| WHAT TO DO |
Could you give every record again, exactly as it reads?

(Beginning of EXTRACTED DATA)

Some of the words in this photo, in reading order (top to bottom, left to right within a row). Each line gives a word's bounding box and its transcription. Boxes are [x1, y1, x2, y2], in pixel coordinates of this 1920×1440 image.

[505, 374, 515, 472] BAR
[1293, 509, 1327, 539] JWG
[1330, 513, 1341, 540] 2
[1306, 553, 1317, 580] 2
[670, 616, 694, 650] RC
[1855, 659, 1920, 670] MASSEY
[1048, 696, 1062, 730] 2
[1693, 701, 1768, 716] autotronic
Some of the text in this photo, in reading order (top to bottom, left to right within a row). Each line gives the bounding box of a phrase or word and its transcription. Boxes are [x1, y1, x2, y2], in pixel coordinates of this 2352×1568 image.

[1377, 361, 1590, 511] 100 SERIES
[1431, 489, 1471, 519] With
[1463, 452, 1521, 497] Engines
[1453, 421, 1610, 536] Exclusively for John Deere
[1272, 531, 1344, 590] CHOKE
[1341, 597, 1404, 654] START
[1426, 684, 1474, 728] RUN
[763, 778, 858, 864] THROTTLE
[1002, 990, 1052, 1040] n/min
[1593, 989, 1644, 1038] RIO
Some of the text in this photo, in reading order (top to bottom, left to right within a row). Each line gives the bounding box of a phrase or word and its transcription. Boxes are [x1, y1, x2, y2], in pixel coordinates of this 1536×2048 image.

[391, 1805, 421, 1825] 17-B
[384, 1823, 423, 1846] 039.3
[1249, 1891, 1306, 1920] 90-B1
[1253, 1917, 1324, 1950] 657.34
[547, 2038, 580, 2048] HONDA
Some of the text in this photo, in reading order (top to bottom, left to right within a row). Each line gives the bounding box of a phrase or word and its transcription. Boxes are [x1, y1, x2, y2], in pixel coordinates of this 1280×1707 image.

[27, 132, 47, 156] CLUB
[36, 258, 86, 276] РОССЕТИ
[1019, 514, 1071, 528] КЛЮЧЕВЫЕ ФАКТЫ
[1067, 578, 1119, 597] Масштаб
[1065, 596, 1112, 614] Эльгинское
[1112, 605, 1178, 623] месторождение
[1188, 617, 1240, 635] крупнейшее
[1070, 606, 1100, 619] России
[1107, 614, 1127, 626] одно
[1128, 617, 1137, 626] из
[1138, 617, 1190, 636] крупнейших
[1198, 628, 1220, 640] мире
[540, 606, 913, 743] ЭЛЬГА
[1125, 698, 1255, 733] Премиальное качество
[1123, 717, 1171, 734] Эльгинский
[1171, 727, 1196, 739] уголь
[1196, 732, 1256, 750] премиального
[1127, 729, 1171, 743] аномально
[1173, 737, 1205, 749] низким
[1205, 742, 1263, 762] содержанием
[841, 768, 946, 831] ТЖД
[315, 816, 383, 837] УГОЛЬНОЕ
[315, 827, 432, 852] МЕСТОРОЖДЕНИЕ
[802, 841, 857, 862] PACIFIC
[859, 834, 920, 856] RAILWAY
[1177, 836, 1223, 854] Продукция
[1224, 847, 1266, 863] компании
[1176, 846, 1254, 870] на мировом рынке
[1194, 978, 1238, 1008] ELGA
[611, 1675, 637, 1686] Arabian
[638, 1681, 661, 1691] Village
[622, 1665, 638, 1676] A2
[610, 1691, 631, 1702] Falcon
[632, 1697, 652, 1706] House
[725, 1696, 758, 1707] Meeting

(End of EXTRACTED DATA)

| SOLUTION FOR THIS TASK |
Some of the words in this photo, in reading order (top to bottom, left to right within a row). Each line gives a word's bounding box and its transcription. Boxes are [x1, y1, x2, y2], in pixel coordinates of this 1920×1440 image.

[505, 374, 515, 472] BAR
[1293, 509, 1327, 539] JWG
[1330, 513, 1341, 540] 2
[1306, 553, 1317, 580] 2
[670, 616, 694, 650] RC
[1855, 659, 1920, 670] MASSEY
[1048, 696, 1062, 730] 2
[1693, 701, 1768, 716] autotronic
Some of the text in this photo, in reading order (top to bottom, left to right within a row). Each line gives the bounding box of a phrase or word and its transcription. Boxes are [x1, y1, x2, y2], in pixel coordinates of this 2352×1568 image.

[1377, 361, 1590, 511] 100 SERIES
[1431, 489, 1471, 519] With
[1463, 452, 1521, 497] Engines
[1453, 421, 1610, 536] Exclusively for John Deere
[1272, 531, 1344, 590] CHOKE
[1341, 597, 1404, 654] START
[1426, 684, 1474, 728] RUN
[763, 778, 858, 864] THROTTLE
[1002, 990, 1052, 1040] n/min
[1593, 989, 1644, 1038] RIO
Some of the text in this photo, in reading order (top to bottom, left to right within a row). Each line gives the bounding box of a phrase or word and its transcription. Boxes are [x1, y1, x2, y2], in pixel coordinates of this 1536×2048 image.

[391, 1805, 421, 1825] 17-B
[384, 1823, 423, 1846] 039.3
[1249, 1891, 1306, 1920] 90-B1
[1253, 1917, 1324, 1950] 657.34
[547, 2038, 580, 2048] HONDA
Some of the text in this photo, in reading order (top to bottom, left to right within a row). Each line gives the bounding box of a phrase or word and its transcription. Boxes are [x1, y1, x2, y2], in pixel coordinates of this 1280×1707 image.

[27, 132, 47, 156] CLUB
[36, 258, 86, 276] РОССЕТИ
[1019, 514, 1071, 528] КЛЮЧЕВЫЕ ФАКТЫ
[1067, 578, 1119, 597] Масштаб
[1065, 596, 1112, 614] Эльгинское
[1112, 605, 1178, 623] месторождение
[1188, 617, 1240, 635] крупнейшее
[1070, 606, 1100, 619] России
[1107, 614, 1127, 626] одно
[1128, 617, 1137, 626] из
[1138, 617, 1190, 636] крупнейших
[1198, 628, 1220, 640] мире
[540, 606, 913, 743] ЭЛЬГА
[1125, 698, 1255, 733] Премиальное качество
[1123, 717, 1171, 734] Эльгинский
[1171, 727, 1196, 739] уголь
[1196, 732, 1256, 750] премиального
[1127, 729, 1171, 743] аномально
[1173, 737, 1205, 749] низким
[1205, 742, 1263, 762] содержанием
[841, 768, 946, 831] ТЖД
[315, 816, 383, 837] УГОЛЬНОЕ
[315, 827, 432, 852] МЕСТОРОЖДЕНИЕ
[802, 841, 857, 862] PACIFIC
[859, 834, 920, 856] RAILWAY
[1177, 836, 1223, 854] Продукция
[1224, 847, 1266, 863] компании
[1176, 846, 1254, 870] на мировом рынке
[1194, 978, 1238, 1008] ELGA
[611, 1675, 637, 1686] Arabian
[638, 1681, 661, 1691] Village
[622, 1665, 638, 1676] A2
[610, 1691, 631, 1702] Falcon
[632, 1697, 652, 1706] House
[725, 1696, 758, 1707] Meeting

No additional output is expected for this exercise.